MORE central banks are being given greater independence from their nation's political masters.
The central banks of Chile, Sweden, the Czech Republic, Hungary, France, Mexico, New Zealand, and Venezuela have all had their independence enhanced. The Maastricht Treaty requires national central banks participating in the European System of Central Banks to meet a prescribed standard of independence. In Britain, proposed legislation would make the Bank of England, now explicitly subservient to the Treasury, independent. The Bank of Canada has been trying to get a more specific mandate from the government as to its responsibilities.
Governments assume that greater independence will improve the performance of central banks in fighting inflation. Academic studies find that to be the case, at least in the industrial nations.
It adds up to what Guy Debelle, an Australian graduate student at the Massachusetts Institute of Technology's department of economics, and one of his professors, Stanley Fischer, describe as a ``new orthodoxy.'' But in a paper given at a Federal Reserve Bank of Boston conference this week, the two suggest that independence can go too far.
In general, central bankers would rather not have politicians telling them how to manage monetary policy.
Fortunately for them, most politicians want to duck the responsibility of deciding monetary policy. For one thing, determining the correct degree of tightness or looseness for credit is a difficult, time-consuming task. Congress, which has the constitutional responsibility for monetary policy, set up the Federal Reserve system with its economists and financial experts to carry out that duty.
Second, legislators don't want to be blamed if a stern anti-inflationary monetary policy raises interest rates, causes a recession, and expands unemployment and business failures. They find it more palatable to tell voters: ``It's the Fed's fault.''
The electorate doesn't always buy that plea. Many voters blamed President Bush for a slack economy in the 1992 election, probably costing him his job. Today, President Clinton is claiming credit for a more vigorous job market, though most economists would say that an easy monetary policy has much to do with it.

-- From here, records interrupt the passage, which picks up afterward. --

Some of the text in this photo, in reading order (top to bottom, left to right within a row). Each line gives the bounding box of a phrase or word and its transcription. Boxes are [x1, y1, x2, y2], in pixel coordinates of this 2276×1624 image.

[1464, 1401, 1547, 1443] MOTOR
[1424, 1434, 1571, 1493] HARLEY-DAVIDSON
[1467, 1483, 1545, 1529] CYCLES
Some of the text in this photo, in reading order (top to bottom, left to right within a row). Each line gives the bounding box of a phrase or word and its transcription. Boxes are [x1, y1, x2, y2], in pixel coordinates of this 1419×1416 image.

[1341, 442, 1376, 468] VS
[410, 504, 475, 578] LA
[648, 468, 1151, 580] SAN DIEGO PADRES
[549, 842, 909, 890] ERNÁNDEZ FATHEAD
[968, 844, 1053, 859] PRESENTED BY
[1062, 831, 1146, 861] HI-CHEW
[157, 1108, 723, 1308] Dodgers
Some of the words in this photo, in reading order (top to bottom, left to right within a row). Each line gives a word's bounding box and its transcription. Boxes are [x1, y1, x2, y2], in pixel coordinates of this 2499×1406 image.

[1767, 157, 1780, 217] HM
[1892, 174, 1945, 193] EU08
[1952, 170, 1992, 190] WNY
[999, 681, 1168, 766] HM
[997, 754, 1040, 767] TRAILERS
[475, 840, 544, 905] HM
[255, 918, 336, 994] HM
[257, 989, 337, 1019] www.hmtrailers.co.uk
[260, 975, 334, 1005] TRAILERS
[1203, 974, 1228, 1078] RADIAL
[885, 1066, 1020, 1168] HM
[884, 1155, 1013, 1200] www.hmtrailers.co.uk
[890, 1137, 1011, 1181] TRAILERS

Some political scientists will argue that if the president gets the blame or credit for the impact of monetary policy on the economy, he should have control over policy. Fed officials, conscious of their ultimate political vulnerability, do not relish political clashes with either the president or Congress. So the Fed's institutional independence is tempered by the political climate.
When Fed chairman Alan Greenspan testified Wednesday before the House Budget Committee, he was polite and deferential. The Fed's autonomy (shown, for example, in 14-year terms for Fed governors) meant that, if asked, Mr. Greenspan would have refused to give the date and amount of the next change in interest rates. But Greenspan also was politically accountable, required by law to appear and face questions as to the economy and Fed policy. Though free to answer in a Delphic manner, wise Fed chairmen listen to the political winds.
To Messrs. Debelle and Fischer, Germany's Bundesbank, famous for keeping inflation low in Germany, is too free, not sufficiently accountable to the politicians. Its policymakers do give press conferences, but they do not need to justify their actions to the legislators in Bonn.
``All institutions need to be held accountable for their actions or their performance suffers,'' the two economists maintain. They add that the ``cult'' of central bank independence, the appointment of independent central bankers, and the heavy emphasis on countering inflation, seem to lead to ``an excessive concentration on inflation prevention, and insufficient acknowledgment of the short-run trade-offs between inflation and output.''
If central bankers don't face some accountability pressures from politicians, they ``run a very good chance of becoming too conservative,'' the economists say. In fighting inflation, they may create more unemployment than is desirable. Germany's last two recessions were worse than those in the United States.
Debelle and Fischer would like the Fed to be given a less ``fuzzy'' mandate as to its goals for inflation and output. The Bundesbank needs more political feedback, they say.